Comparing AAT versus no AAT, participants who received AAT may be slightly less depressed after the intervention (MD –2.87, 95% CI –5.24 to –0.50; 2 studies, 83 participants; low-certainty evidence), but they did not appear to have improved quality of life (MD 0.45, 95% CI –1.28 to 2.18; 3 studies, 164 participants; moderate-certainty evidence).

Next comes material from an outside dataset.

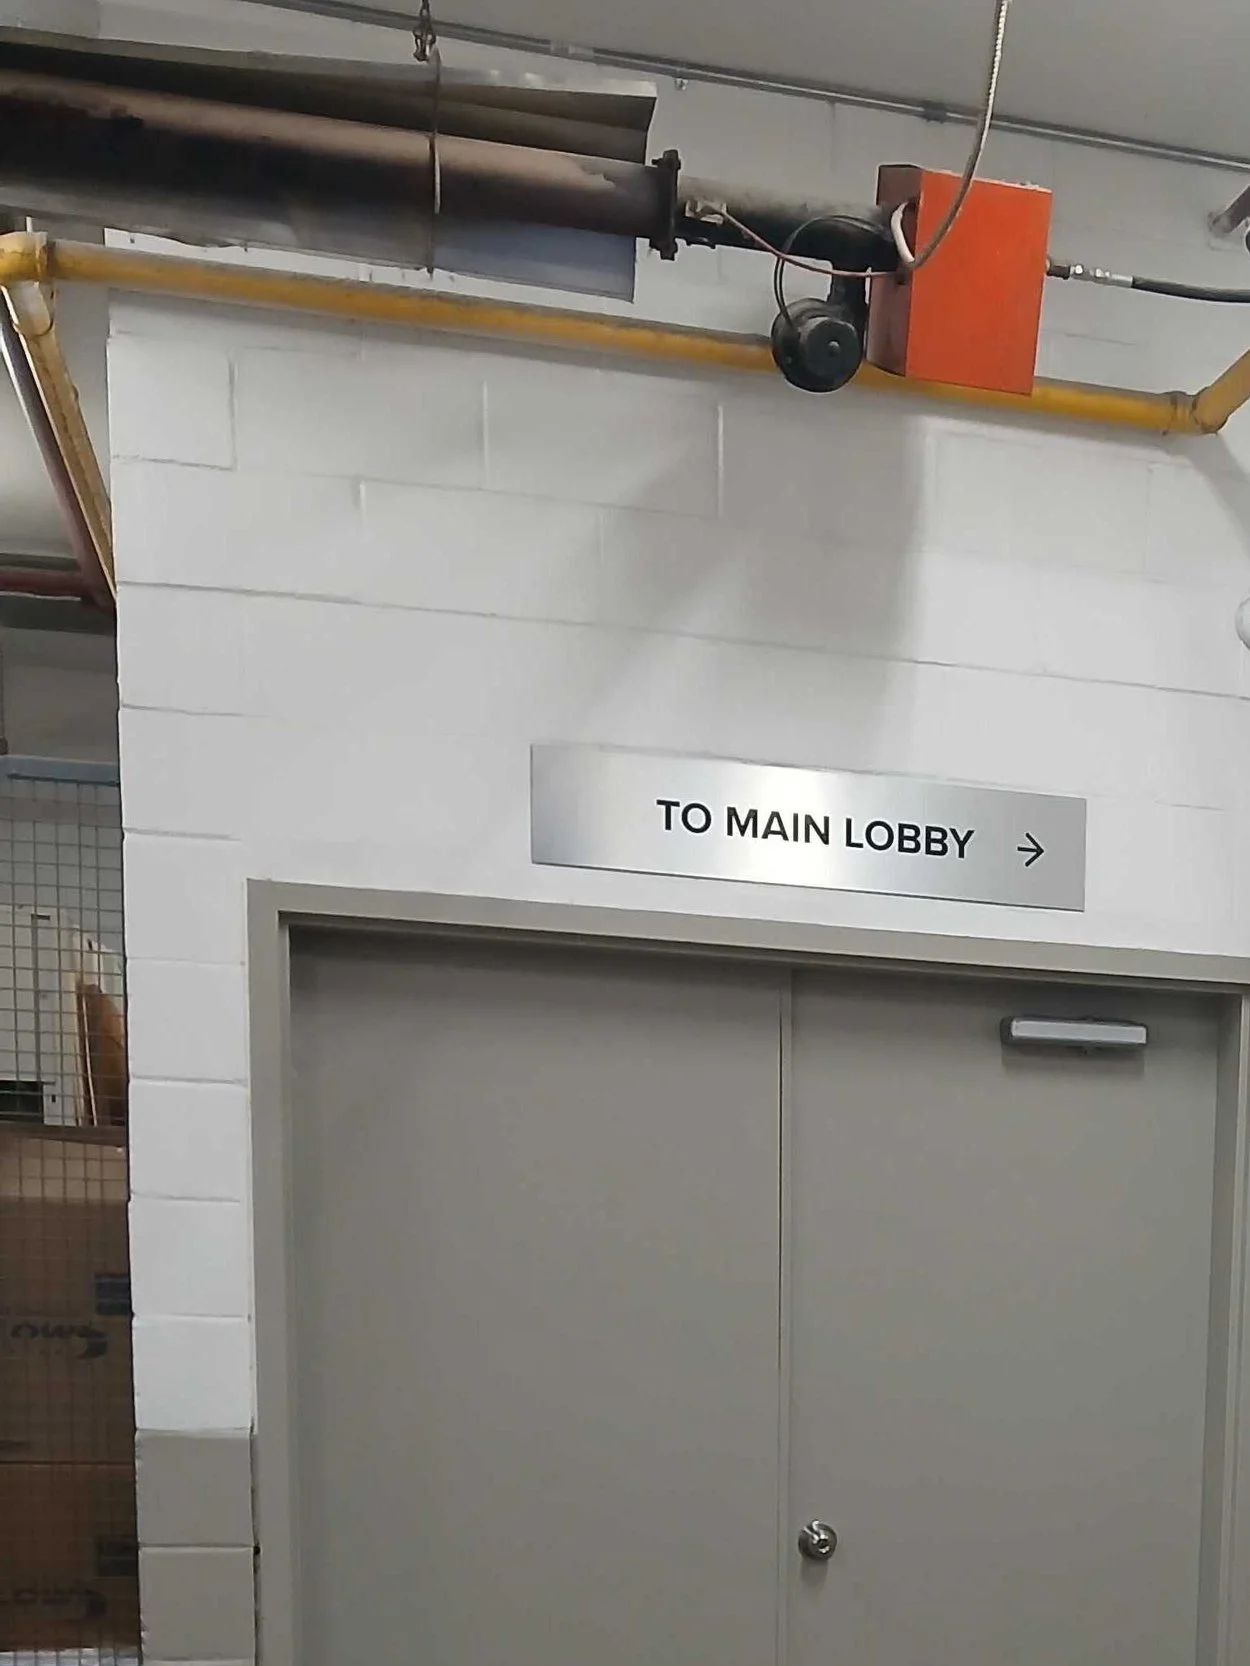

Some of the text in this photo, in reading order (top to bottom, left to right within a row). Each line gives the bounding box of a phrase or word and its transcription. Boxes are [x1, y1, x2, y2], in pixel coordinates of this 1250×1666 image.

There were no clear differences in all other major outcomes, including social functioning (MD –0.40, 95% CI –3.41 to 2.61; 1 study, 58 participants; low-certainty evidence), problematic behaviour (SMD –0.34, 95% CI –0.98 to 0.30; 3 studies, 142 participants; very-low-certainty evidence), agitation (SMD –0.39, 95% CI –0.89 to 0.10; 3 studies, 143 participants; very-low-certainty evidence), activities of daily living (MD 4.65, 95% CI –16.05 to 25.35; 1 study, 37 participants; low-certainty evidence), and self-care ability (MD 2.20, 95% CI –1.23 to 5.63; 1 study, 58 participants; low-certainty evidence). There were no data on adverse events.
Comparing AAT using live animals versus robotic animals, one study (68 participants) found mixed effects on social function, with longer duration of physical contact but shorter duration of talking in participants who received AAT using live animals versus robotic animals (median: 93 seconds with live versus 28 seconds with robotic for physical contact; 164 seconds with live versus 206 seconds with robotic for talk directed at a person; 263 seconds with live versus 307 seconds with robotic for talk in total). Another study showed no clear differences between groups in behaviour measured using the Neuropsychiatric Inventory (MD –6.96, 95% CI –14.58 to 0.66; 78 participants; low-certainty evidence) or quality of life (MD –2.42, 95% CI –5.71 to 0.87; 78 participants; low-certainty evidence). There were no data on the other outcomes.
Comparing AAT using live animals versus a soft toy cat, one study (64 participants) evaluated only social functioning, in the form of duration of contact and talking. The data were expressed as median and interquartile ranges. Duration of contact was slightly longer in participants in the AAT group and duration of talking slightly longer in those exposed to the toy cat. This was low-certainty evidence.